Segment Open

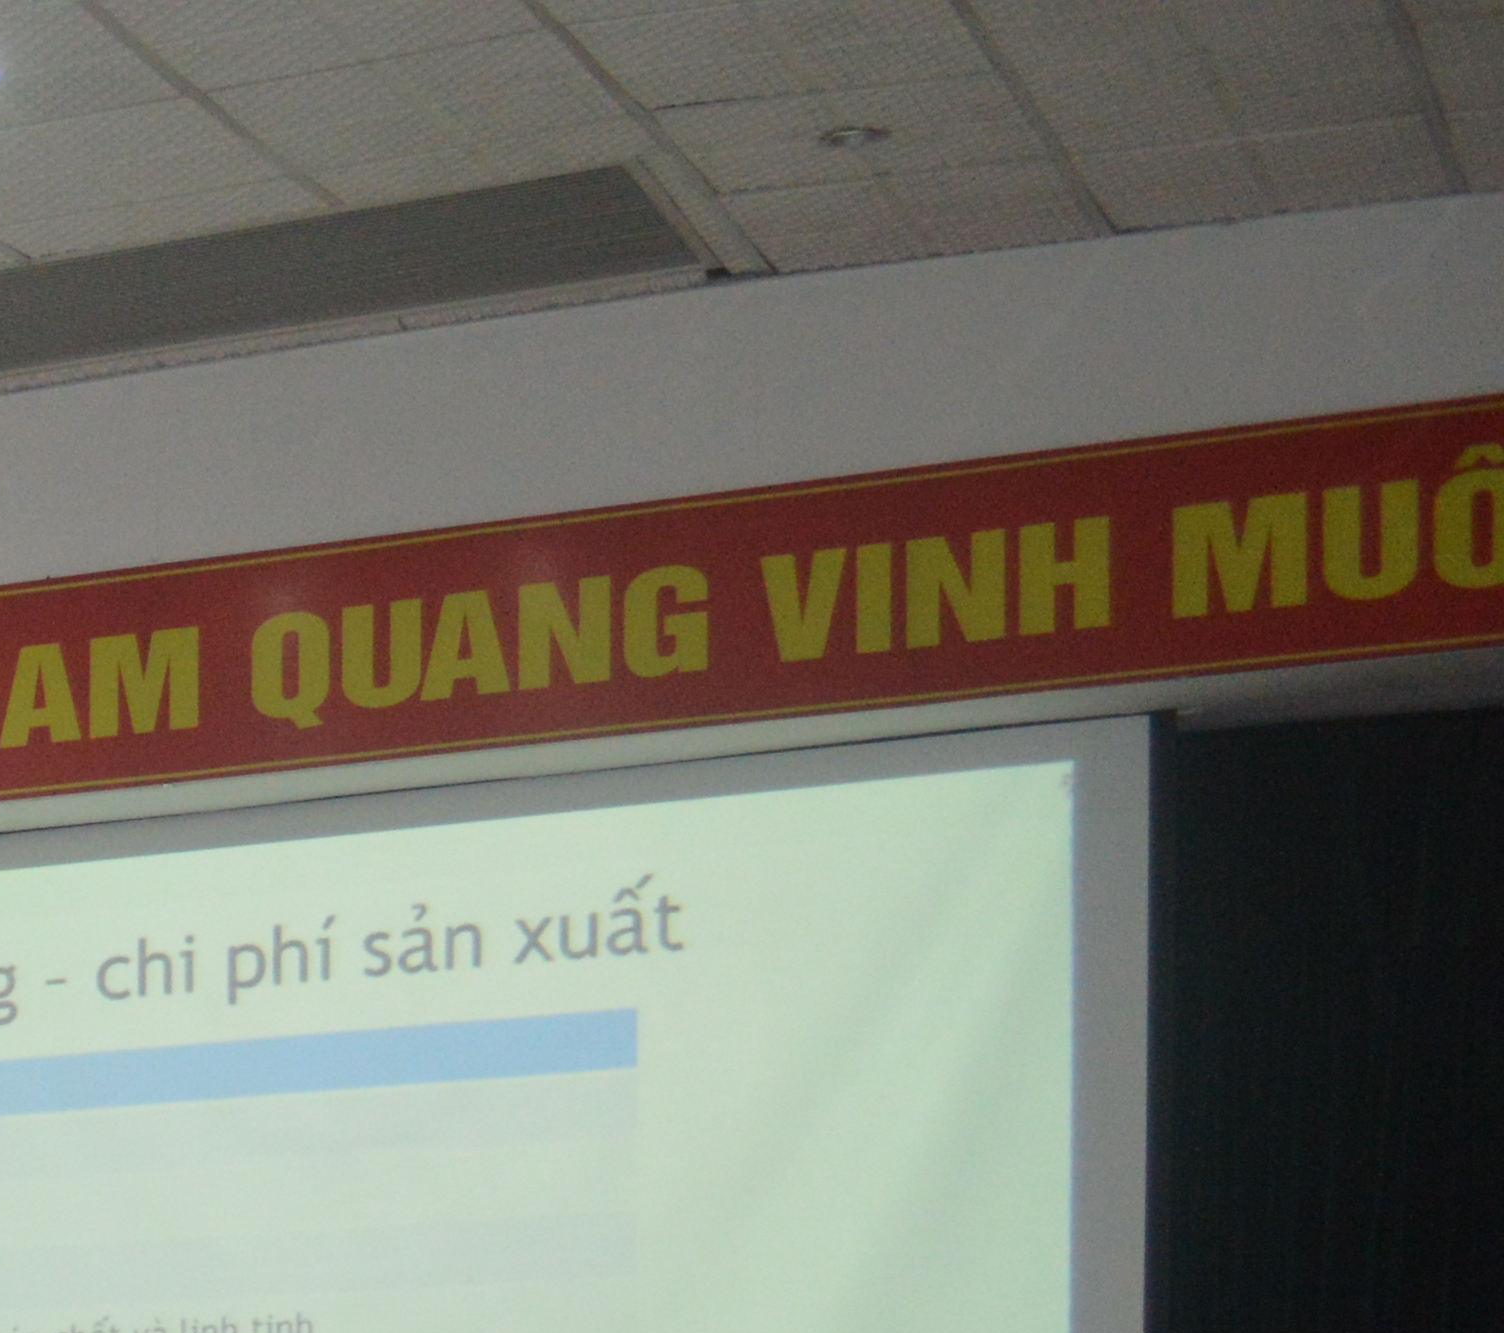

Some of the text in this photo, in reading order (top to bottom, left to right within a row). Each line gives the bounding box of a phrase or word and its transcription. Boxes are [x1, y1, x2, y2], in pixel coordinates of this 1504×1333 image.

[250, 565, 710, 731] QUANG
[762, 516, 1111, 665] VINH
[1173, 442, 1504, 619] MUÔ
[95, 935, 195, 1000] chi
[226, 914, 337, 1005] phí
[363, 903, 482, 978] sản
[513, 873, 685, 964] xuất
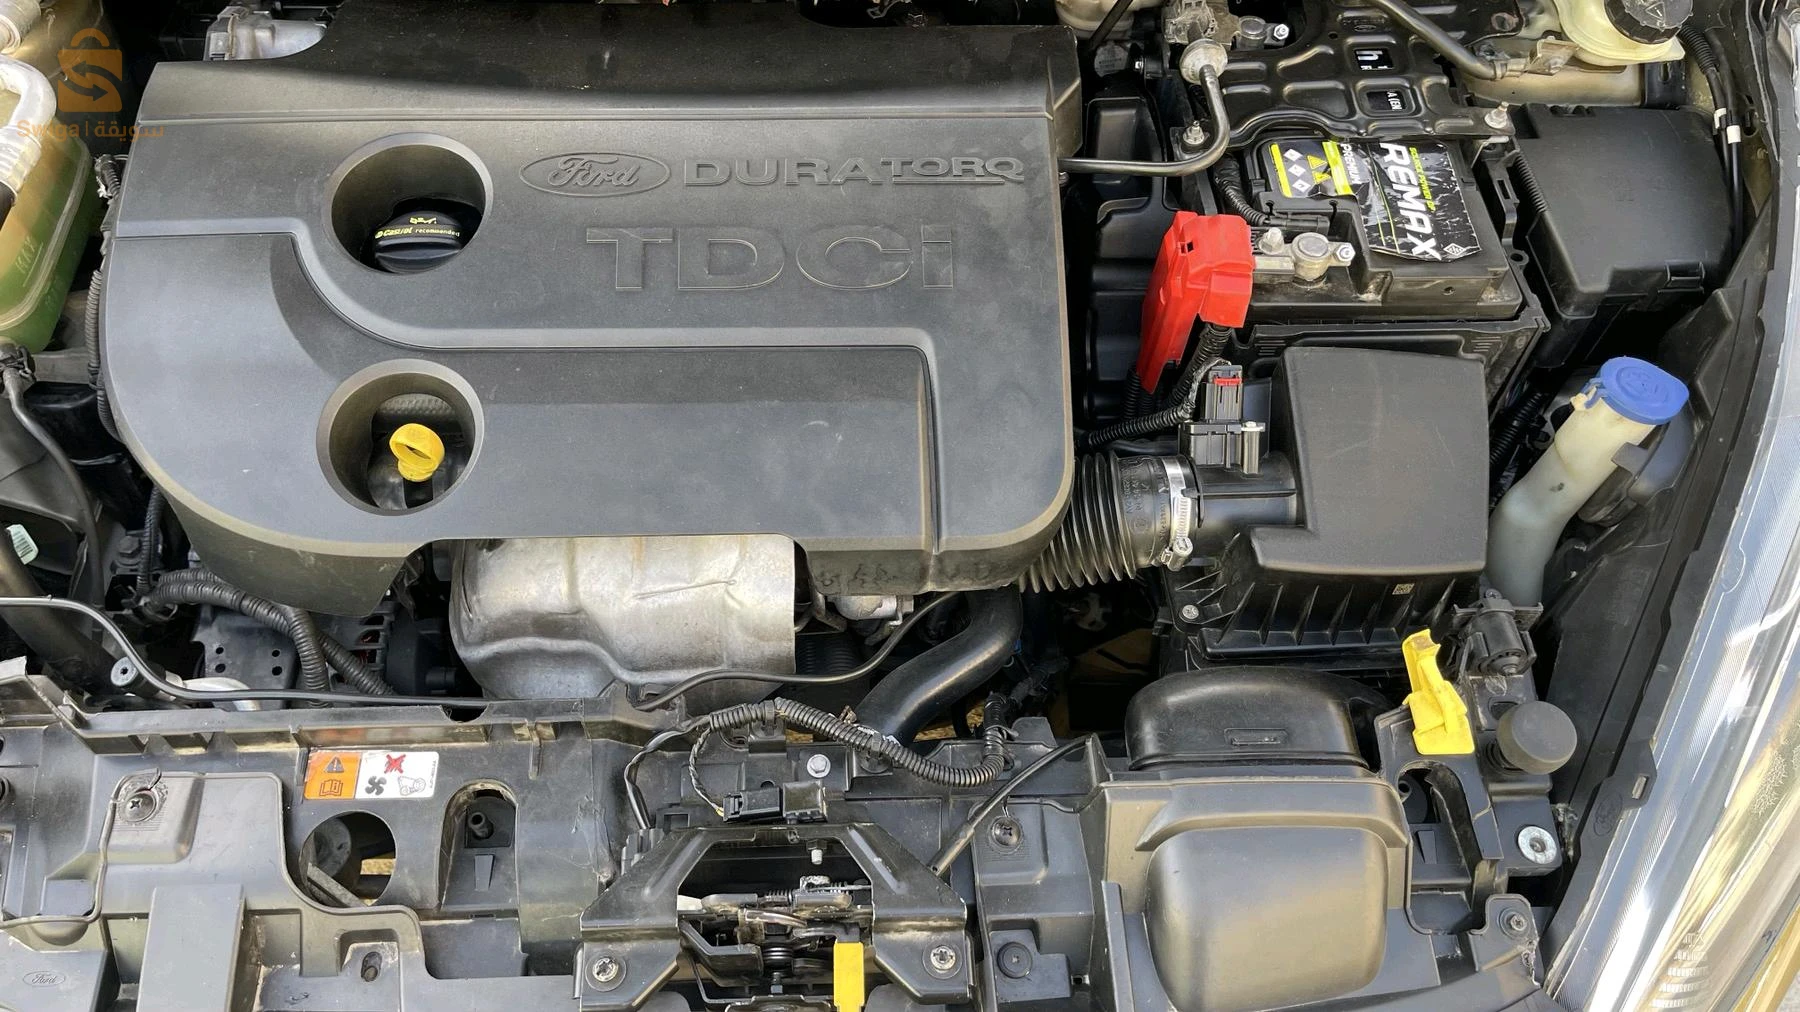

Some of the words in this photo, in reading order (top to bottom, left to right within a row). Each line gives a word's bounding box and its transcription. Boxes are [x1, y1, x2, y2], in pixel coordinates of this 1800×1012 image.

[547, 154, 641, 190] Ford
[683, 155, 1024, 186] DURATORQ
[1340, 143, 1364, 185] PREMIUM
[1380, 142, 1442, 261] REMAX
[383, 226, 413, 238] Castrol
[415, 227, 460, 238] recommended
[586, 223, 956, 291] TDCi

Segment Closed

Would you return the material exactly, images excluded?

• [Solution]
Some of the text in this photo, in reading order (top to bottom, left to right within a row). Each line gives the bounding box of a phrase or word and its transcription. Boxes are [x1, y1, x2, y2], in pixel coordinates of this 1504×1333 image.

[250, 565, 710, 731] QUANG
[762, 516, 1111, 665] VINH
[1173, 442, 1504, 619] MUÔ
[95, 935, 195, 1000] chi
[226, 914, 337, 1005] phí
[363, 903, 482, 978] sản
[513, 873, 685, 964] xuất

Some of the words in this photo, in reading order (top to bottom, left to right within a row). Each line gives a word's bounding box and its transcription. Boxes are [x1, y1, x2, y2], in pixel coordinates of this 1800×1012 image.

[547, 154, 641, 190] Ford
[683, 155, 1024, 186] DURATORQ
[1340, 143, 1364, 185] PREMIUM
[1380, 142, 1442, 261] REMAX
[383, 226, 413, 238] Castrol
[415, 227, 460, 238] recommended
[586, 223, 956, 291] TDCi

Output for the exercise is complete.